Agissant en complémentarité sur la préservation des mangroves, la résilience socio-écologique et l’amélioration du bien-être des populations locales, ULB-Coopération, dans le cadre du consortium Uni4Coop, contribue à l’amélioration de la gouvernance en faveur des mangroves, à la sensibilisation, à l’acquisition et au partage des connaissances et des compétences de ces espaces naturels, ainsi qu’à la restauration de ces écosystèmes. Du côté d’ULB-Coopération, les recherches, dont une thèse de doctorat, sont accompagnées par l’équipe du laboratoire « SERM » de l’ULB, dirigée par le professeur Farid Dahdouh-Guébas. Une autre recherche doctorale est en cours avec le laboratoire ILEE de l’Université de Namur. Tout cela, bien sûr, en pleine synergie avec des universités africaines.
Le programme est commun à 5 pays d’Afrique : Sénégal & RDC (projet ULB-Coopération), Bénin (projet Louvain Coopération), Guinée (projet Eclosio) et Madagascar (projet Louvain Coopération). Il se base sur un précédent projet commun, Expertise Universitaire Mangroves (EU-M) mis en œuvre en 2018-19. Les résultats bénéficieront à d’autres zones de mangroves, en particulier en Afrique de l’Ouest, grâce au Réseau d’Aires Marines Protégées d’Afrique de l’Ouest (RAMPAO), au Collectif 5 deltas (Gambie, Guinée, Guinée Bissau, Mauritanie et Sénégal), au Collectif des deltas du Golfe du Bénin (Bénin, Côte d’Ivoire, Ghana, Nigeria et Togo), au réseau MIHARI de Madagascar, et en Afrique Centrale, dans le Parc marin des mangroves, en RDC.

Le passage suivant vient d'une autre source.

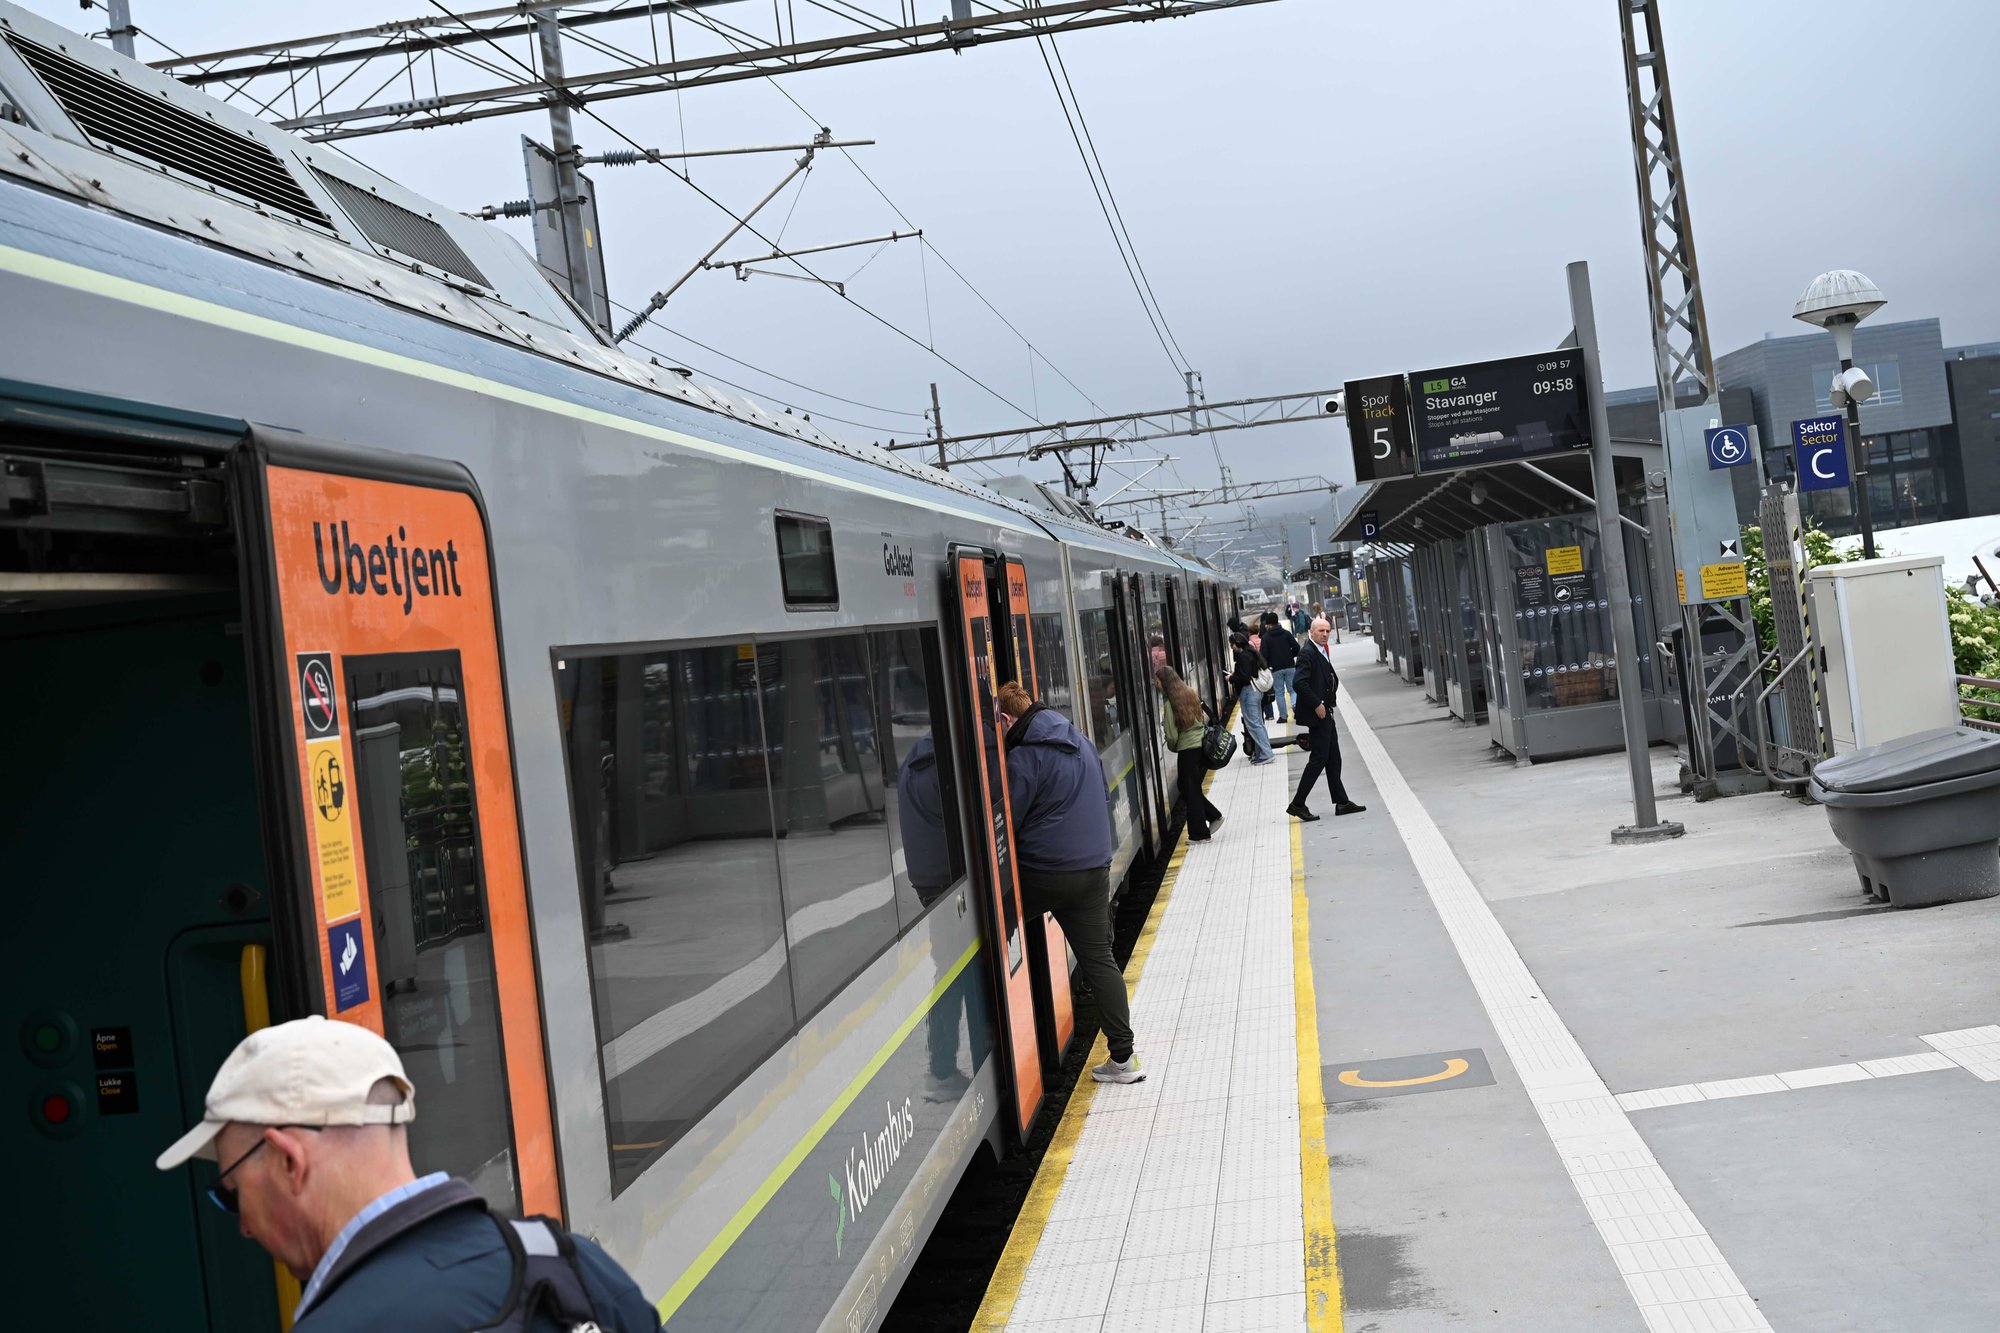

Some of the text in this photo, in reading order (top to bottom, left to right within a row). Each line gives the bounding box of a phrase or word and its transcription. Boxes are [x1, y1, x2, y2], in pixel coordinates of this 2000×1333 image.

[1546, 360, 1570, 371] 09 57
[1451, 377, 1467, 386] GA
[1533, 378, 1573, 395] 09:58
[1361, 394, 1389, 408] Spor
[1426, 391, 1498, 410] Stavanger
[1362, 407, 1395, 420] Track
[1427, 413, 1450, 422] Stopper
[1474, 406, 1500, 416] stasjoner
[1800, 421, 1837, 434] Sektor
[1373, 427, 1392, 459] 5
[1801, 433, 1838, 446] Sector
[1811, 448, 1836, 479] C
[1365, 523, 1376, 536] D
[883, 543, 915, 577] GoAhead
[313, 520, 462, 615] Ubetjent
[96, 1033, 116, 1043] Åpne
[97, 1042, 117, 1051] Open
[99, 1079, 122, 1087] Lukke
[101, 1087, 121, 1095] Close
[845, 1096, 914, 1223] Kolumbus

Ce programme s’inscrit dans l’esprit des travaux du Stockholm Resilience Centrer.
Objectifs
La stratégie d’intervention repose sur la sensibilisation et l’amélioration de la gouvernance des zones de mangroves, sur l’accroissement des connaissances et des compétences concernant ces espaces naturels, sur le renforcement de l’accès durable, de la gestion et utilisation des services écosystémiques, la conservation et/ou restauration du milieu et, finalement, la consolidation des capacités des 9 partenaires.
Activités
Les quatre acteurs visés par le projet sont : les organisations de la société civile, les comités de gestion communautaire, les autorités et organismes publics et, des académiques partenaires.
Les actions menées ensemble sont :
Renforcement de capacités des associations locales et autres acteurs (écogardes, conseillers municipaux) pour une meilleure prise de conscience de la vulnérabilité de la Réserve Naturelle Communautaire de Palmarin (RNCP) et sur une meilleure gouvernance (surveillance, suivi des reboisements, sensibilisation)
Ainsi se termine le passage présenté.